- STORED DATA -
- - -
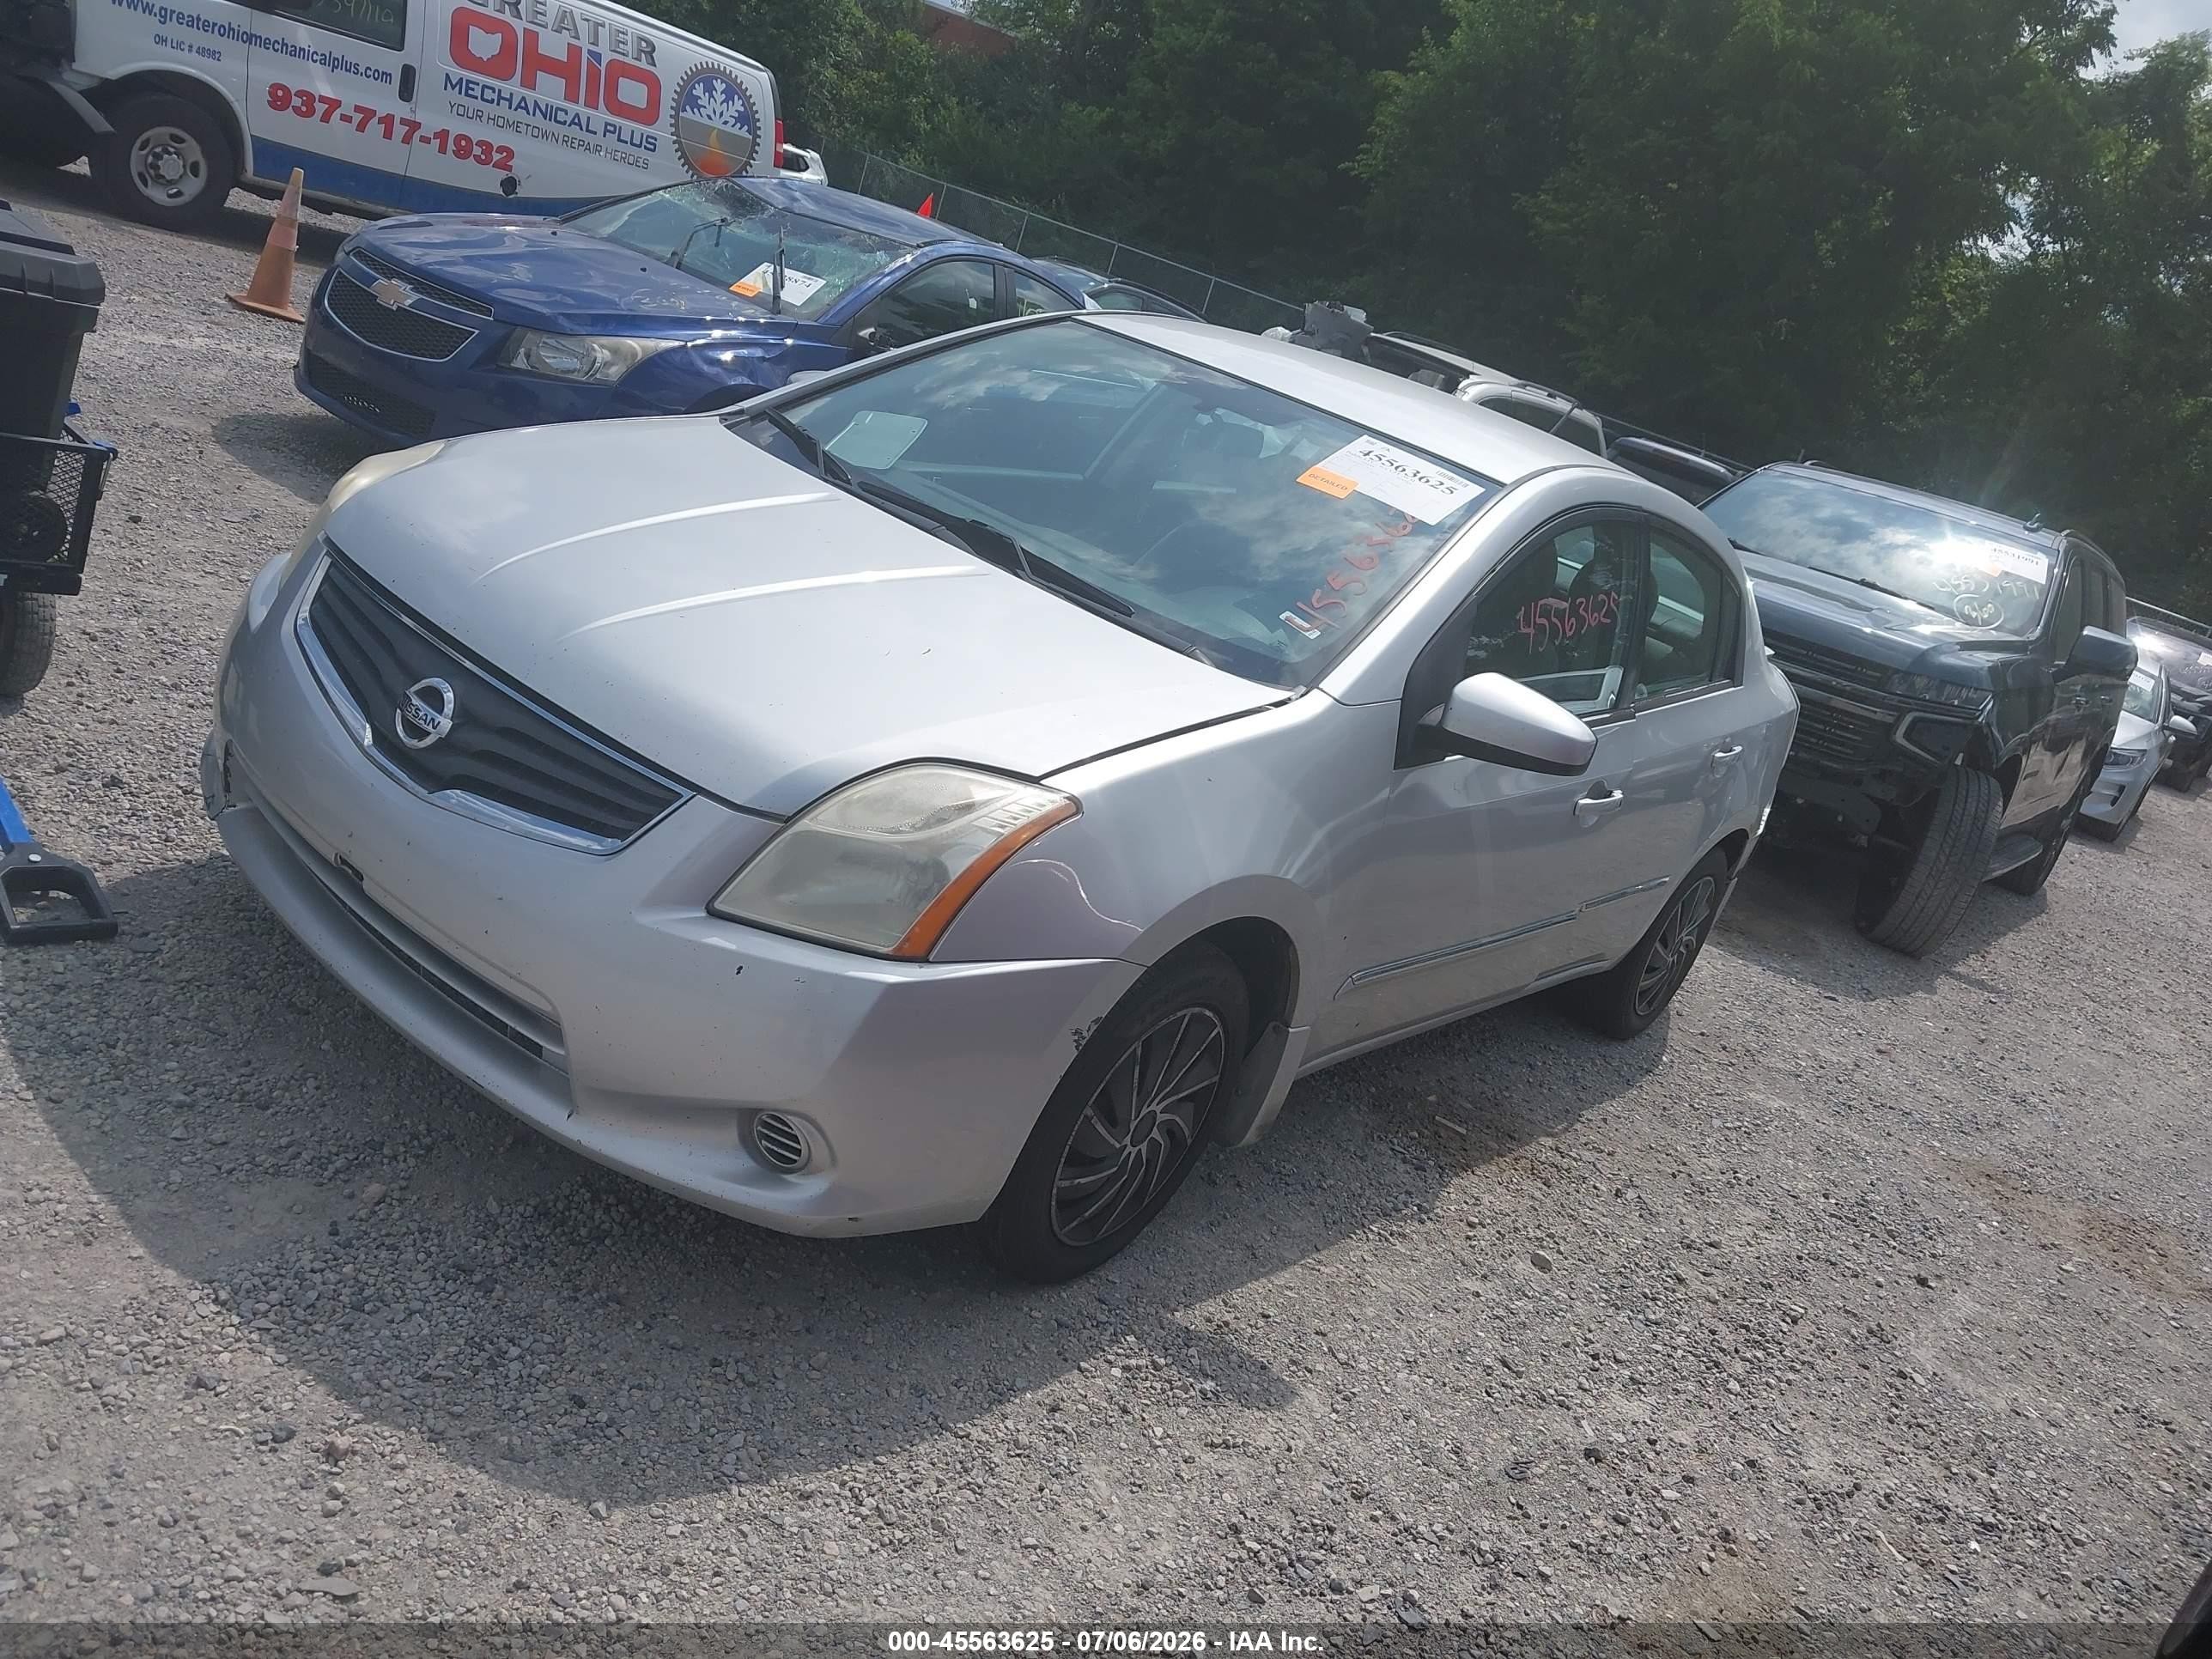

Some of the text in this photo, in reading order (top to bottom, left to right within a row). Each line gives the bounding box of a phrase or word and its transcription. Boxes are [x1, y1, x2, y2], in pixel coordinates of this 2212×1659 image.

[154, 33, 222, 62] OH LIC # 48982
[468, 0, 658, 67] REATER
[267, 82, 515, 172] 937-717-1932
[443, 72, 659, 153] MECHANICAL PLUS
[448, 100, 650, 170] YOUR HOMETOWN REPAIR HEROES
[1308, 473, 1348, 491] DETAILED
[1358, 448, 1459, 495] 45563625
[1516, 590, 1621, 654] 45563625
[400, 697, 441, 731] SSAN
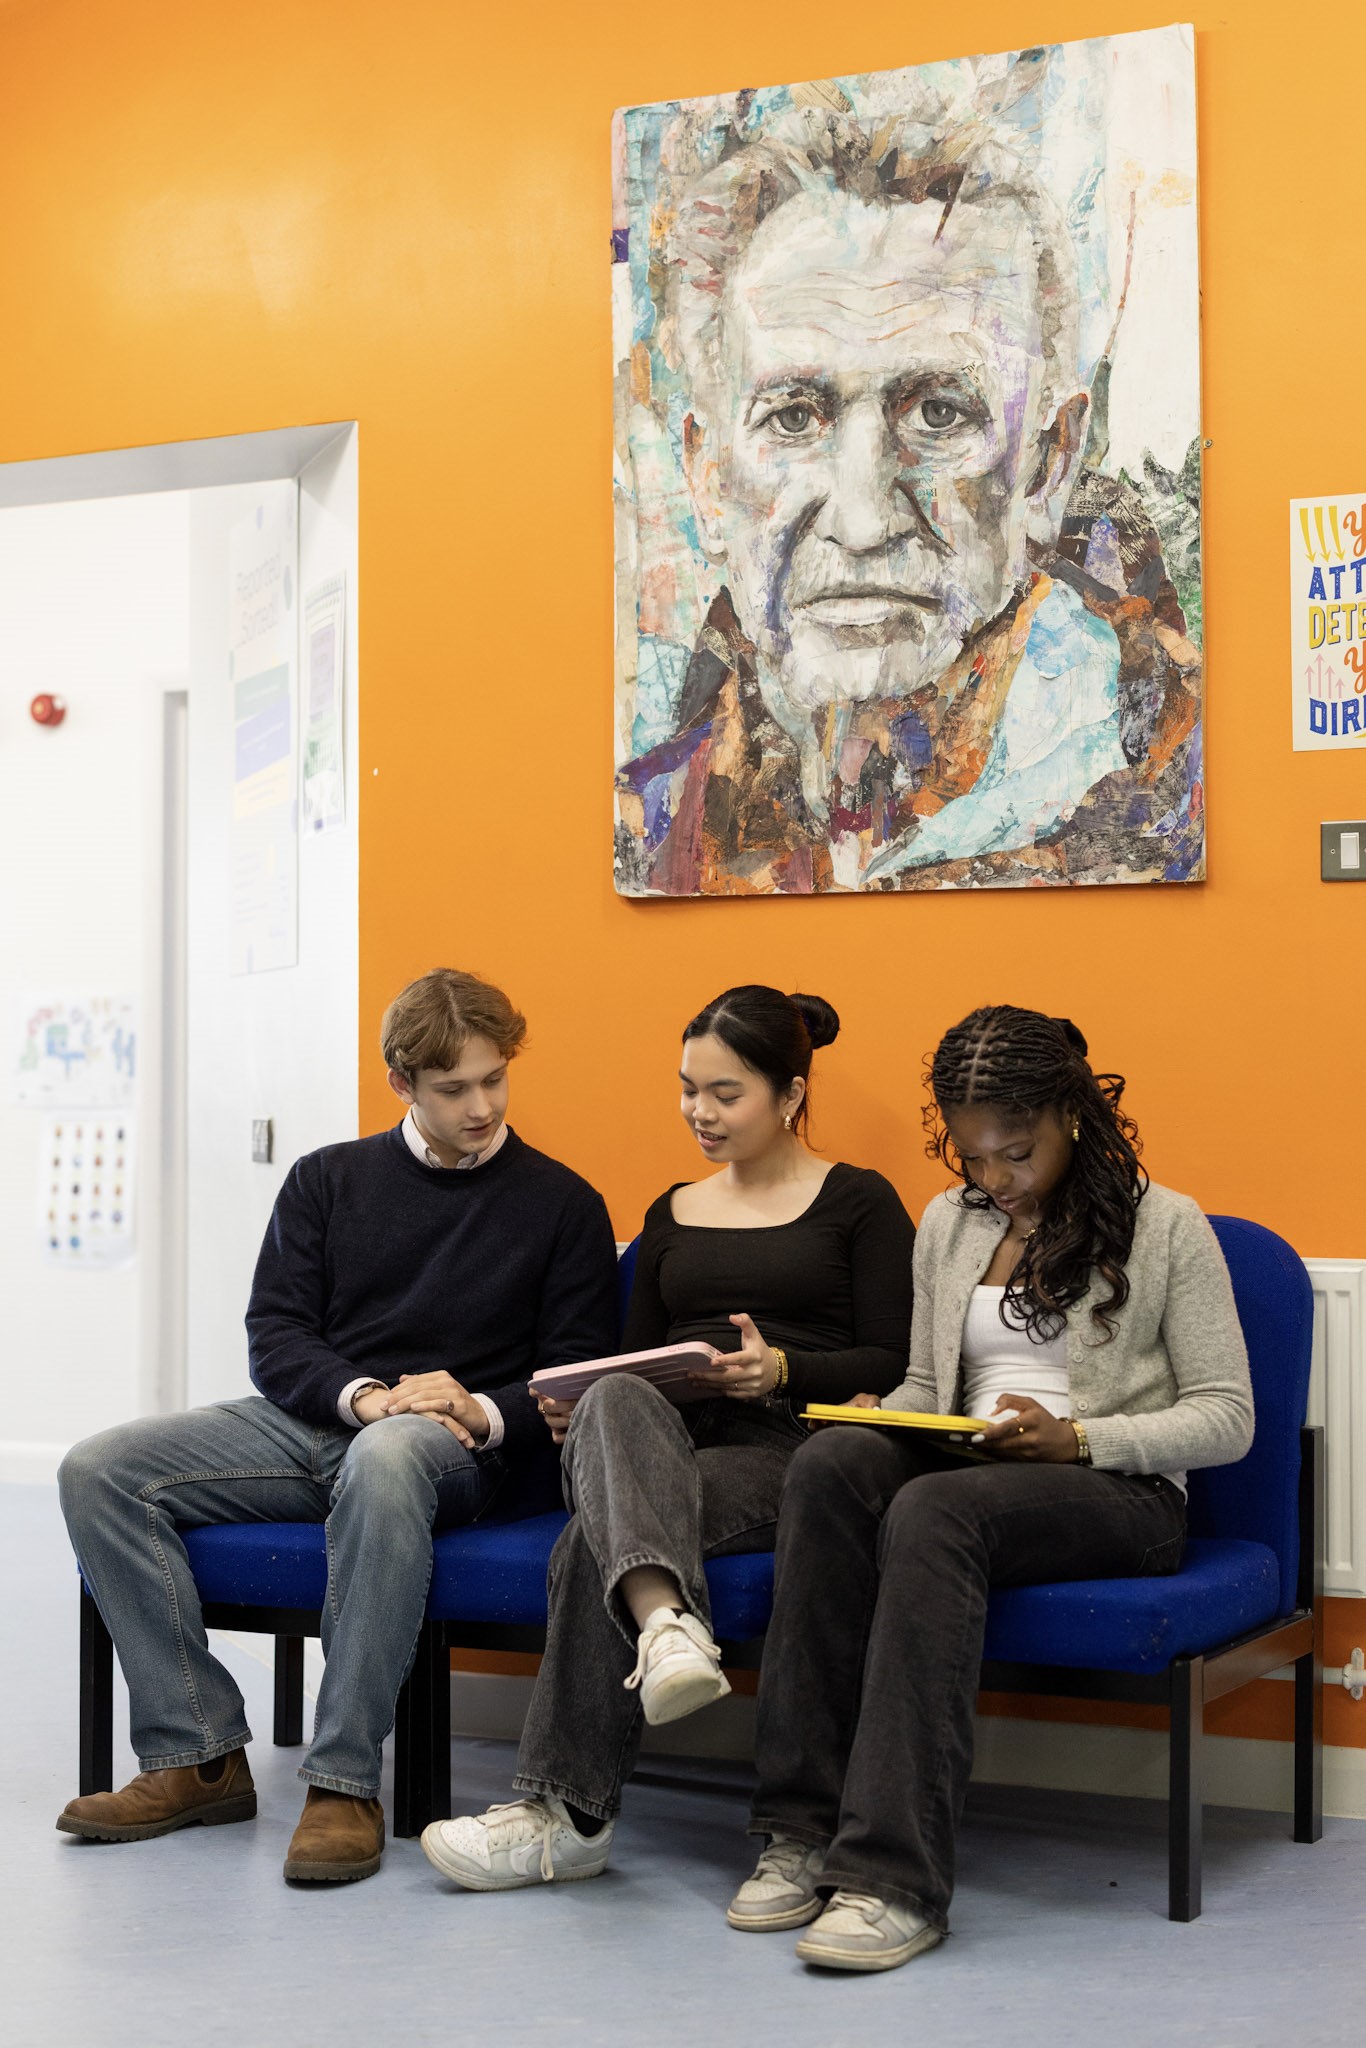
- - -
- PROBLEM DETAILS -
An exact transcription of all the entries is required, without the pictures.

- RESULT -
Some of the text in this photo, in reading order (top to bottom, left to right within a row). Each line gives the bounding box of a phrase or word and its transcription. Boxes are [x1, y1, x2, y2], in pixel coordinates of this 2212×1659 image.

[154, 33, 222, 62] OH LIC # 48982
[468, 0, 658, 67] REATER
[267, 82, 515, 172] 937-717-1932
[443, 72, 659, 153] MECHANICAL PLUS
[448, 100, 650, 170] YOUR HOMETOWN REPAIR HEROES
[1308, 473, 1348, 491] DETAILED
[1358, 448, 1459, 495] 45563625
[1516, 590, 1621, 654] 45563625
[400, 697, 441, 731] SSAN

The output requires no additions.